Exercise goal
Output every record precisely.

----- Supplied information -----

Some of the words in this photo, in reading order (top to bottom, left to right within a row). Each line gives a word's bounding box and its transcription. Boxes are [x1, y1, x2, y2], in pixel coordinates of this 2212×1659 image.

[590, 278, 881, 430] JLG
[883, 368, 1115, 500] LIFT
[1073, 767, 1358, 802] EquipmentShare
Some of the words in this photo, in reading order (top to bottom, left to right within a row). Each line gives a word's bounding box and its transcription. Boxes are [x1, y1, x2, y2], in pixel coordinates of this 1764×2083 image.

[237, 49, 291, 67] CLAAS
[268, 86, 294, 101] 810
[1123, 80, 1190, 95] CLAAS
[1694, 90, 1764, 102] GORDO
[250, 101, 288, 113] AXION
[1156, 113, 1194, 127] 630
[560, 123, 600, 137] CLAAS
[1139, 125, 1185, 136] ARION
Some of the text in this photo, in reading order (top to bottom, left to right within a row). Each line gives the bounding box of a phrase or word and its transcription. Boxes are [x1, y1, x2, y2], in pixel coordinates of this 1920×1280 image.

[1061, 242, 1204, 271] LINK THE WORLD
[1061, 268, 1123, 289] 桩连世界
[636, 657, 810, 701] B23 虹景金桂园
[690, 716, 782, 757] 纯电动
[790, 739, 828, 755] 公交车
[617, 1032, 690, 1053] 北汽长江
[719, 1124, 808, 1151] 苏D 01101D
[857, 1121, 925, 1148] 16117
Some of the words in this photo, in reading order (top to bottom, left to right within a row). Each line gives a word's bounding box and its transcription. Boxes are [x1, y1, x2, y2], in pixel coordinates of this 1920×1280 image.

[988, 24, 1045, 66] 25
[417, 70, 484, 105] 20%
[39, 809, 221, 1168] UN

-----

Solved problem
Some of the words in this photo, in reading order (top to bottom, left to right within a row). Each line gives a word's bounding box and its transcription. Boxes are [x1, y1, x2, y2], in pixel coordinates of this 2212×1659 image.

[590, 278, 881, 430] JLG
[883, 368, 1115, 500] LIFT
[1073, 767, 1358, 802] EquipmentShare
Some of the words in this photo, in reading order (top to bottom, left to right within a row). Each line gives a word's bounding box and its transcription. Boxes are [x1, y1, x2, y2], in pixel coordinates of this 1764×2083 image.

[237, 49, 291, 67] CLAAS
[268, 86, 294, 101] 810
[1123, 80, 1190, 95] CLAAS
[1694, 90, 1764, 102] GORDO
[250, 101, 288, 113] AXION
[1156, 113, 1194, 127] 630
[560, 123, 600, 137] CLAAS
[1139, 125, 1185, 136] ARION
Some of the text in this photo, in reading order (top to bottom, left to right within a row). Each line gives the bounding box of a phrase or word and its transcription. Boxes are [x1, y1, x2, y2], in pixel coordinates of this 1920×1280 image.

[1061, 242, 1204, 271] LINK THE WORLD
[1061, 268, 1123, 289] 桩连世界
[636, 657, 810, 701] B23 虹景金桂园
[690, 716, 782, 757] 纯电动
[790, 739, 828, 755] 公交车
[617, 1032, 690, 1053] 北汽长江
[719, 1124, 808, 1151] 苏D 01101D
[857, 1121, 925, 1148] 16117
Some of the words in this photo, in reading order (top to bottom, left to right within a row). Each line gives a word's bounding box and its transcription. Boxes are [x1, y1, x2, y2], in pixel coordinates of this 1920×1280 image.

[988, 24, 1045, 66] 25
[417, 70, 484, 105] 20%
[39, 809, 221, 1168] UN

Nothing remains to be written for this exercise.